De Franco et al. [5] found that while investigating 171 patients with neonatal diabetes, four parents with heterozygous GATA6 mutations (c.1136-2A > G, p.(Tyr323*), p.(Thr346fs) p.(Gly469Glu), were diagnosed with adolescent or adult-onset diabetes (12–46 years). A retrospective study for pancreatic donors with diabetes showed a 16 years old girl diagnosed with GATA6 mutation p.(Arg456Cys) and adolescent-onset diabetes [14]. It remains unclear if environmental factors or the different genetic background of other genes can interact with GATA6 [13]. Reviewing the literature, a de novo mutation in GATA6 p.(Arg456His) was recently shown to be associated with young adult-onset diabetes type 1 at age 22 in a patient with pancreatic hypoplasia [15]. The other two patients with adolescent or adult-onset diabetes (c.1504_1505delAA) were detected due to investigations for family members with neonatal diabetes [13]. The mutations do not represent a separate class.

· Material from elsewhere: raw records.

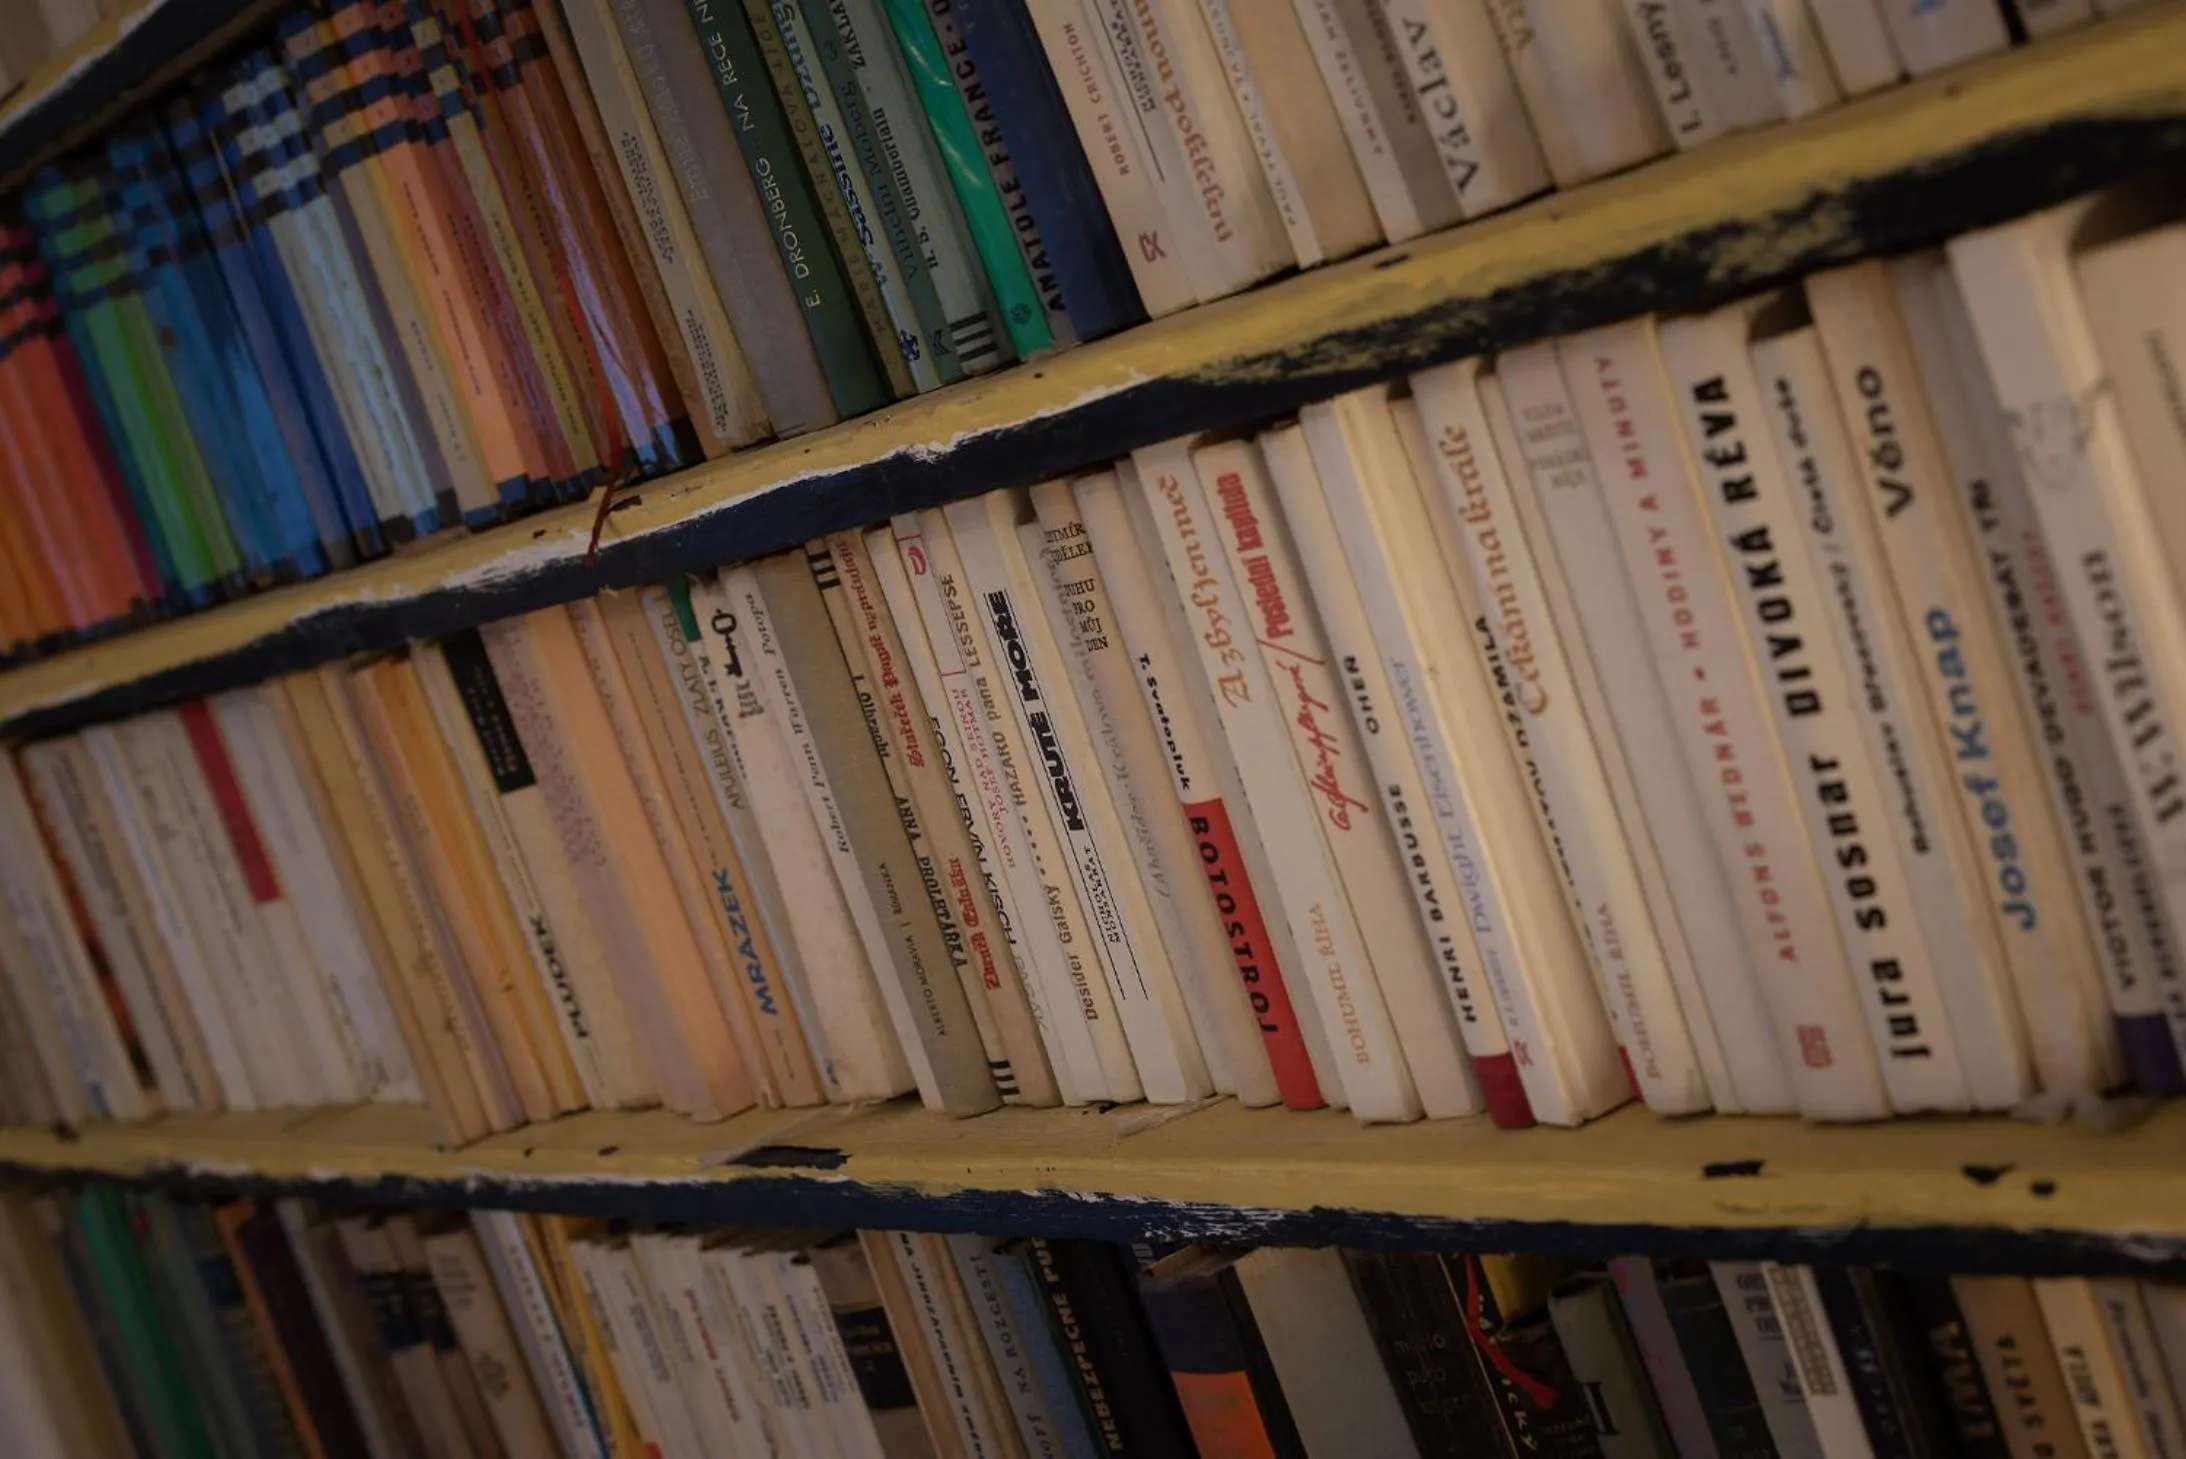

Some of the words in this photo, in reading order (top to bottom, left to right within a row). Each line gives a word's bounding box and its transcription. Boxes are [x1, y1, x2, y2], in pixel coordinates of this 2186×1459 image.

[948, 38, 1010, 165] FRANCE
[1064, 23, 1100, 103] CRICHTON
[734, 94, 754, 130] NA
[840, 81, 881, 175] Moberg
[1098, 114, 1129, 175] ROBERT
[1405, 21, 1478, 197] Václav
[756, 158, 809, 278] DRONBERG
[878, 184, 917, 279] Vilhelm
[1002, 176, 1067, 311] ANATOLE
[806, 290, 820, 307] E.
[1694, 378, 1755, 502] RÉVA
[1857, 367, 1912, 516] Věno
[1218, 474, 1261, 551] kapitola
[1640, 493, 1657, 511] A
[745, 594, 775, 654] Potopa
[940, 575, 980, 667] LESSEPSE
[1244, 556, 1292, 638] Poslední
[1650, 529, 1698, 648] HODINY
[1733, 528, 1820, 715] DIVOKÁ
[987, 592, 1038, 701] MOŘE
[1927, 610, 1987, 759] Knap
[776, 669, 803, 734] Warren
[952, 689, 977, 750] SEINOU
[976, 677, 1001, 720] pana
[1140, 654, 1150, 670] T.
[1147, 677, 1189, 789] Svatopluk
[1393, 662, 1454, 818] Eisenhower
[707, 729, 744, 809] APULEIUS
[802, 744, 824, 787] Penn
[976, 759, 990, 791] NAD
[986, 768, 1008, 817] JOSEF
[992, 732, 1026, 806] HAZARD
[1030, 713, 1083, 832] KRUTÉ
[2056, 757, 2094, 853] HUGO
[822, 797, 849, 852] Robert
[893, 796, 921, 843] ANNA
[989, 798, 1015, 867] HOVORY
[1390, 786, 1442, 921] BARBUSSE
[1966, 778, 2035, 930] Josef
[1043, 885, 1072, 943] Galský
[1084, 847, 1120, 942] MONSARRAT
[1085, 861, 1115, 942] NICHOLAS
[1191, 817, 1277, 1032] BOTOSTROJ
[1448, 835, 1491, 932] Dwight
[1746, 845, 1795, 960] ALFONS
[906, 936, 927, 985] MORAVIA
[1309, 904, 1335, 956] ŘÍHA
[2089, 868, 2134, 988] VICTOR
[924, 989, 946, 1035] ALBERTO
[1069, 956, 1098, 1020] Desider
[1329, 964, 1370, 1064] BOHUMIL
[1440, 938, 1476, 1022] HENRI
[1618, 974, 1661, 1079] BOHUMIL
[1015, 1368, 1031, 1393] NA

Summarizing, it has been described a total of 3 adolescents and 5 adults onset diabetes. Interestingly, our patient did not show growth retardation or failure to thrive. In addition, her faecal elastase levels were normal and she only developed diabetes at age 21 years. This is consistent with a previous report of phenotypic heterogeneity ranging from pancreatic agenesis to adult onset diabetes with no evidence of exocrine pancreatic insufficiency [5]. Her findings are consistent with dorsal pancreatic agenesis as previously described in patients with adolescent or adult onset diabetes with GATA6 mutations [12, 13]. Interestingly, she failed sulphonylurea therapy and required insulin within 13 months of diagnosis. There is not an extensive description in the literature of the diabetic treatment of GATA6 patients who develop adolescent or adult onset diabetes. In fact there are only 8 cases described and 6 were treated with insulin, one with metformin and one treatment unknown [5, 13,14,15].

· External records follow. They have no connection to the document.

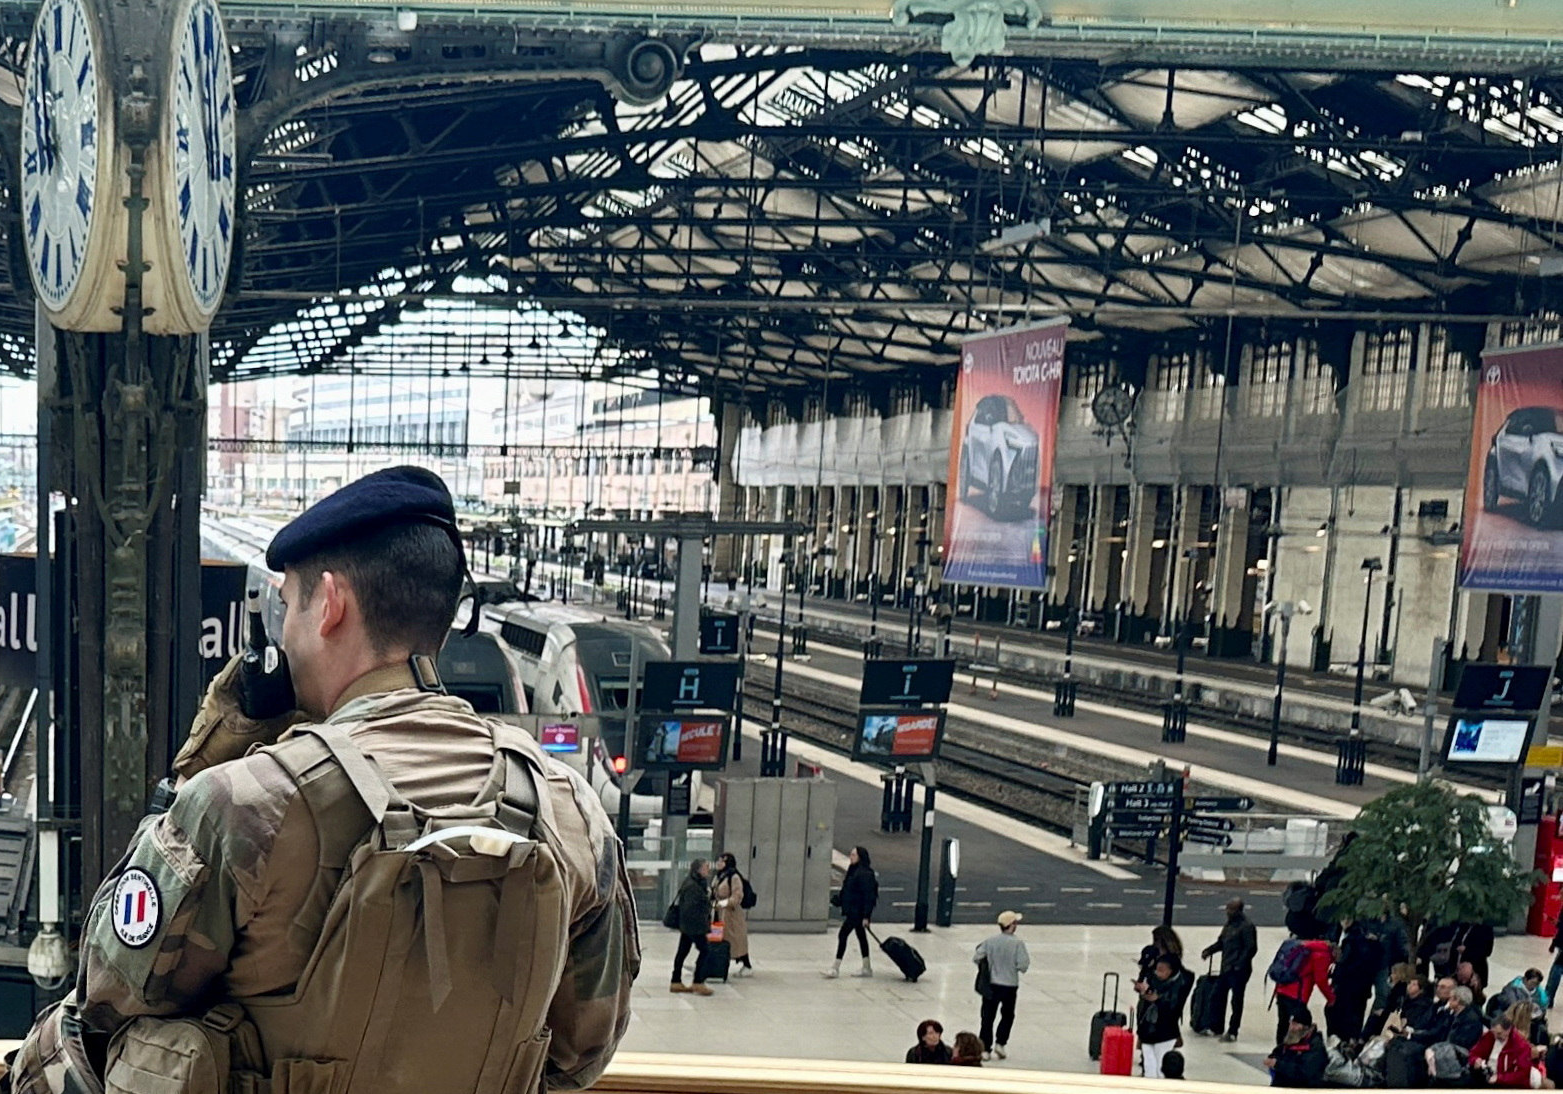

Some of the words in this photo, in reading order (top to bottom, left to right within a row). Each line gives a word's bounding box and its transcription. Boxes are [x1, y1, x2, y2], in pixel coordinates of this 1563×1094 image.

[1025, 337, 1064, 361] NOUVEAU
[1013, 363, 1040, 385] TOYOTA
[678, 677, 700, 700] H
[1492, 679, 1511, 700] J
[1121, 784, 1138, 793] Hall
[1139, 784, 1145, 793] 2
[1125, 798, 1143, 807] Hall

It should be emphasized that the use of targeted NGS for clinical diagnostic testing will increase the number of patients with a confirmed diagnosis of monogenic diabetes. NGS technology enables the potential for simultaneous analysis of all the known disease genes in a single assay at a similar cost to analysing a few genes by Sanger sequencing [17]. Despite the fact that the majority of GATA6 mutations occur de novo, a small number of dominantly inherited cases have been reported [12]. Yorifuji et al. [13] reported the case of a family with a dominantly inherited mutation and neonatal complications resulting in death in 3 of 4 pregnancies. A genetic diagnosis is important since it defines the diagnostic subtype, determines the most appropriate treatment and informs the sibling recurrence risk or risk of GATA6 associated anomalies in offspring.

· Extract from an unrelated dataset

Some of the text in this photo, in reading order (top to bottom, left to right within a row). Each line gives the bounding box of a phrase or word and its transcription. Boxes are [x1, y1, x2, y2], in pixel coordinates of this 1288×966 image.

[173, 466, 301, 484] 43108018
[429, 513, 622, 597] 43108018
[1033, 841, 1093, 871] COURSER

In conclusion, this report describes a heterozygous novel GATA6 mutation (p.Tyr235Ter) resulting in the clinical picture of congenital heart defects, dorsal pancreas agenesis and adult-onset diabetes in a patient with no first-degree family history of diabetes. It emphasizes the importance of screening the GATA6 gene in young patients with diabetes and congenital cardiac defects. It also highlights the importance of genetic counselling in these patients as future offspring will therefore be at risk of inheriting the variant and possibly developing a much more severe phenotype that could include pancreatic agenesis and congenital heart defects.